(REQUIREMENT):
Where a record contains an image, leave the image out and print the rest exactly.
*** DATASET CONTENT ***
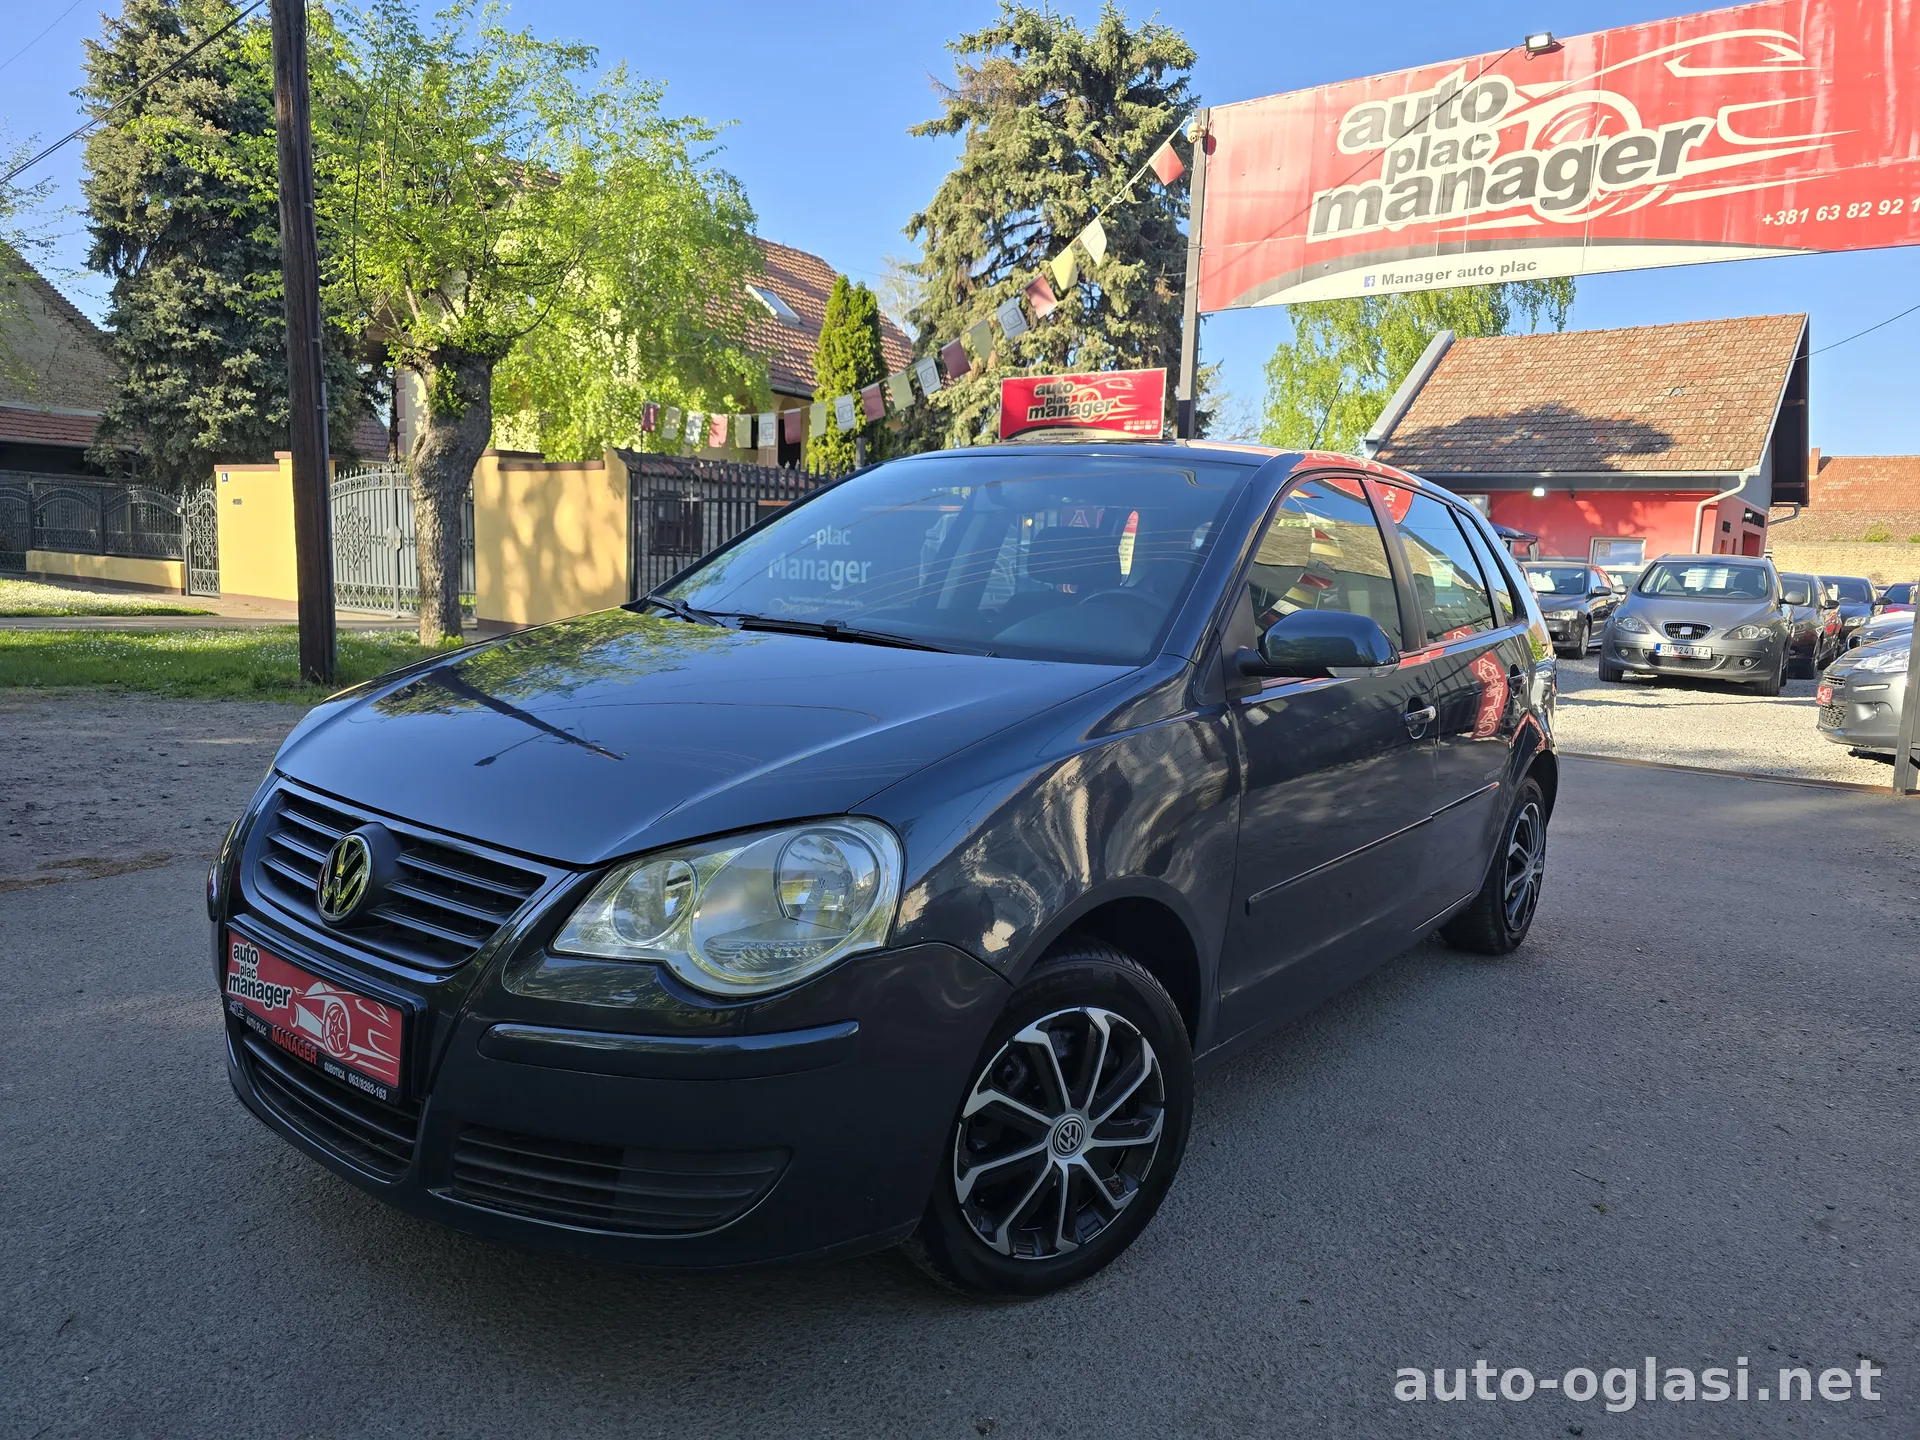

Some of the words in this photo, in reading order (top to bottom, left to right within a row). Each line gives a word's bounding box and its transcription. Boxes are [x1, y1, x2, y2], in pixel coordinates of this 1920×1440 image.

[1342, 76, 1509, 148] auto
[1385, 133, 1493, 185] plac
[1312, 123, 1706, 236] manager
[1762, 207, 1810, 226] +381
[1816, 204, 1841, 222] 63
[1846, 201, 1873, 219] 82
[1877, 198, 1904, 216] 92
[1381, 269, 1452, 286] Manager
[1456, 264, 1494, 278] auto
[1499, 260, 1537, 276] plac
[1035, 381, 1074, 396] auto
[1045, 395, 1070, 407] plac
[1028, 400, 1113, 420] manager
[768, 552, 872, 591] Manager
[233, 943, 259, 965] auto
[240, 963, 257, 979] plac
[228, 974, 291, 1008] manager
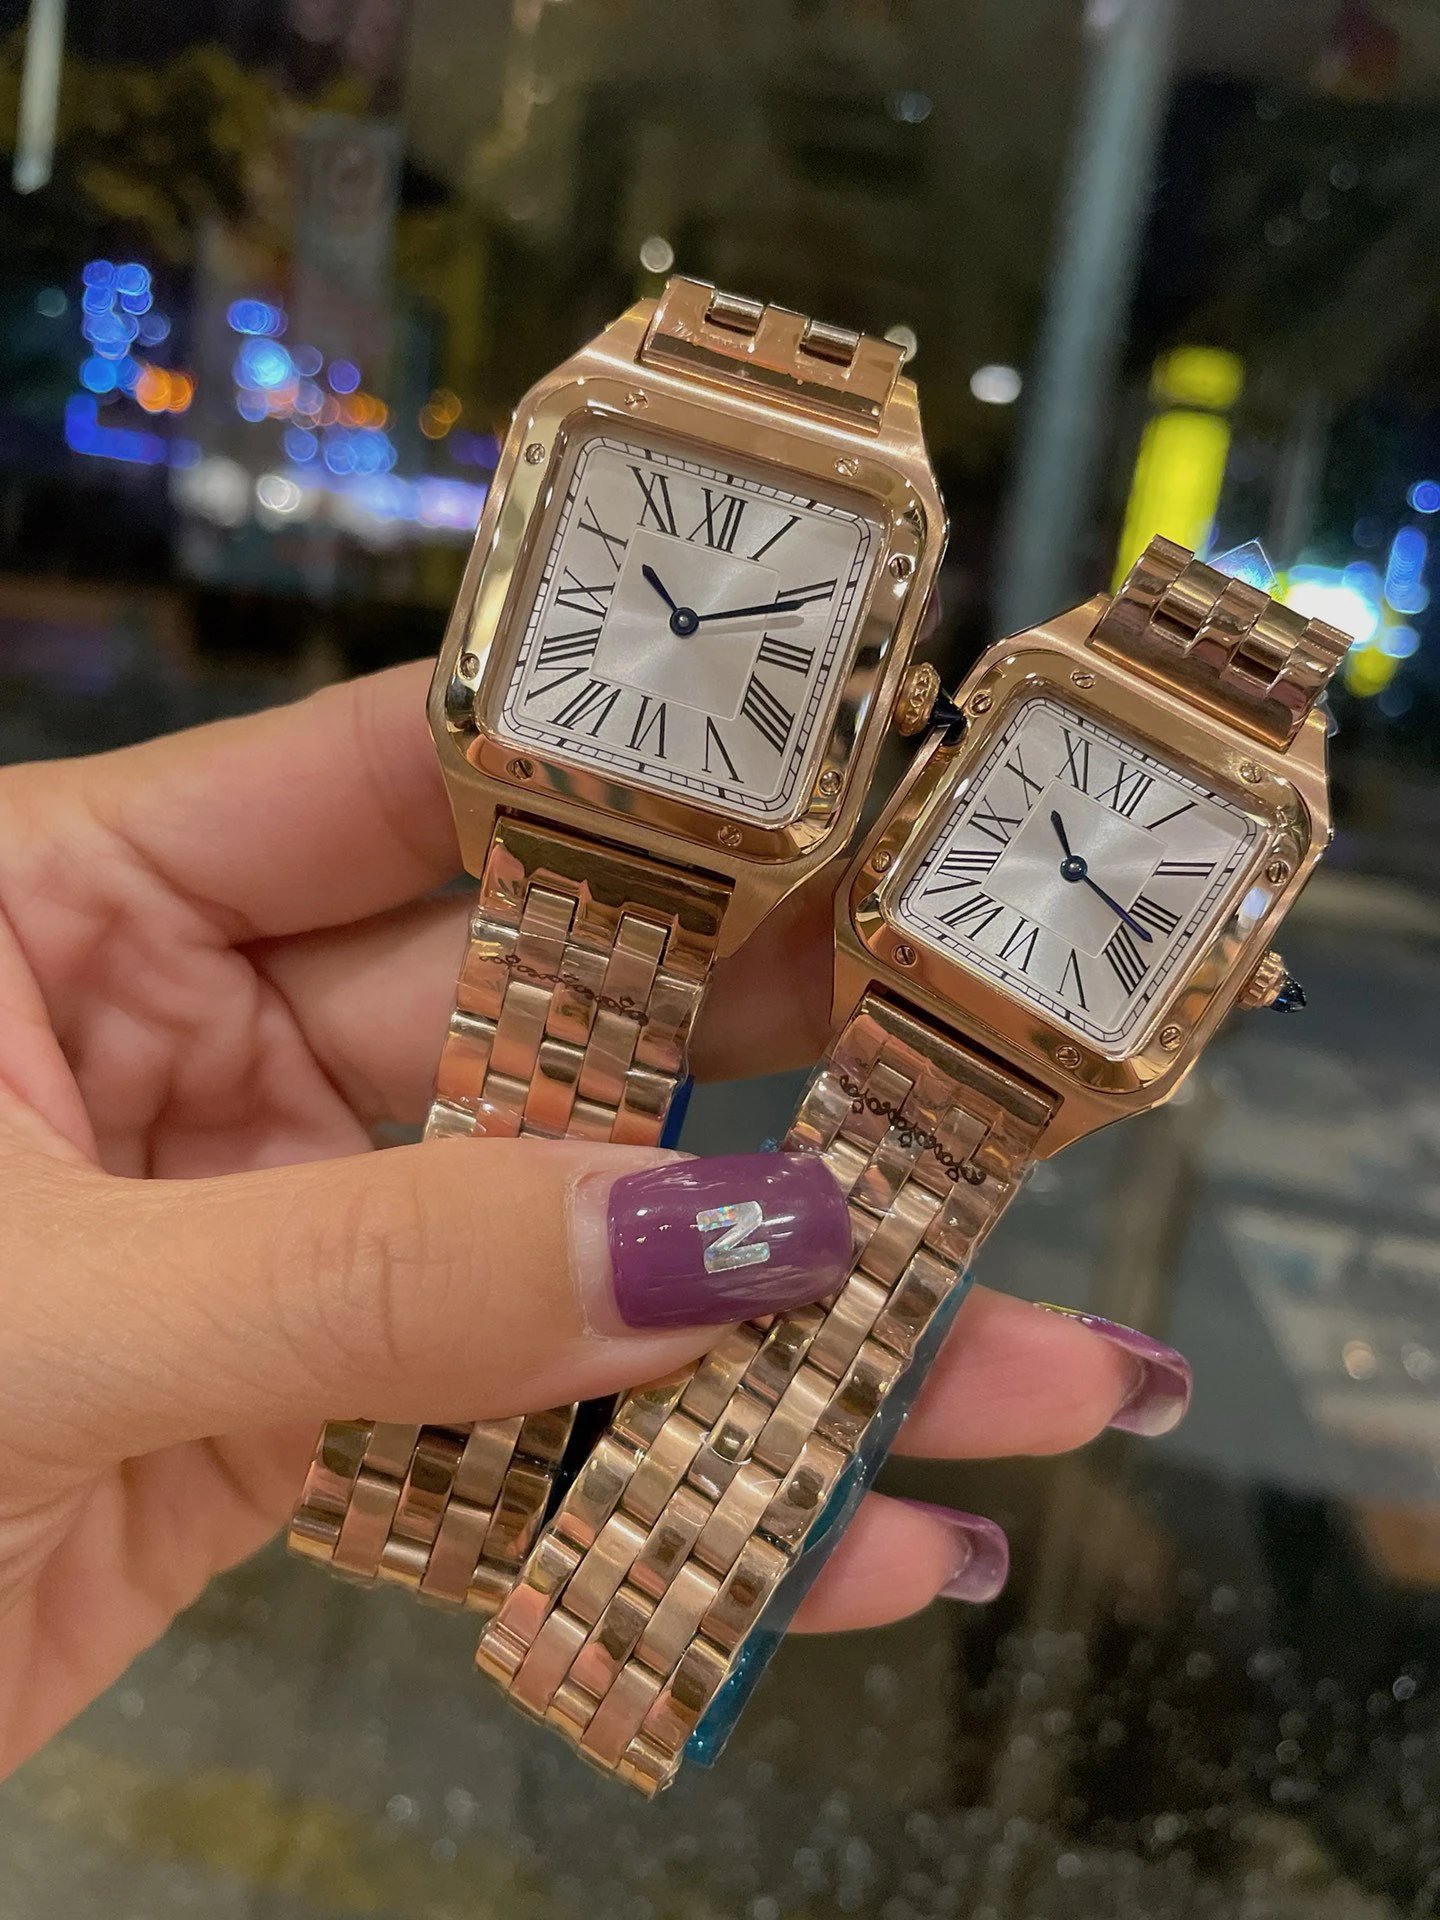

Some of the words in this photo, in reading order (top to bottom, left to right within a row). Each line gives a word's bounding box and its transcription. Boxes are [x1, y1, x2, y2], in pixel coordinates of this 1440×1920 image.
*** End of DATASET CONTENT ***
(RESULT BELOW):
Some of the words in this photo, in reading order (top to bottom, left to right within a row). Each line gives a word's bounding box and its transcription. Boxes are [x1, y1, x2, y2], in pixel coordinates of this 1920×1440 image.

[1342, 76, 1509, 148] auto
[1385, 133, 1493, 185] plac
[1312, 123, 1706, 236] manager
[1762, 207, 1810, 226] +381
[1816, 204, 1841, 222] 63
[1846, 201, 1873, 219] 82
[1877, 198, 1904, 216] 92
[1381, 269, 1452, 286] Manager
[1456, 264, 1494, 278] auto
[1499, 260, 1537, 276] plac
[1035, 381, 1074, 396] auto
[1045, 395, 1070, 407] plac
[1028, 400, 1113, 420] manager
[768, 552, 872, 591] Manager
[233, 943, 259, 965] auto
[240, 963, 257, 979] plac
[228, 974, 291, 1008] manager

Some of the words in this photo, in reading order (top to bottom, left to right within a row). Each line gives a word's bounding box and its transcription. Boxes are [x1, y1, x2, y2], in pixel coordinates of this 1440×1920 image.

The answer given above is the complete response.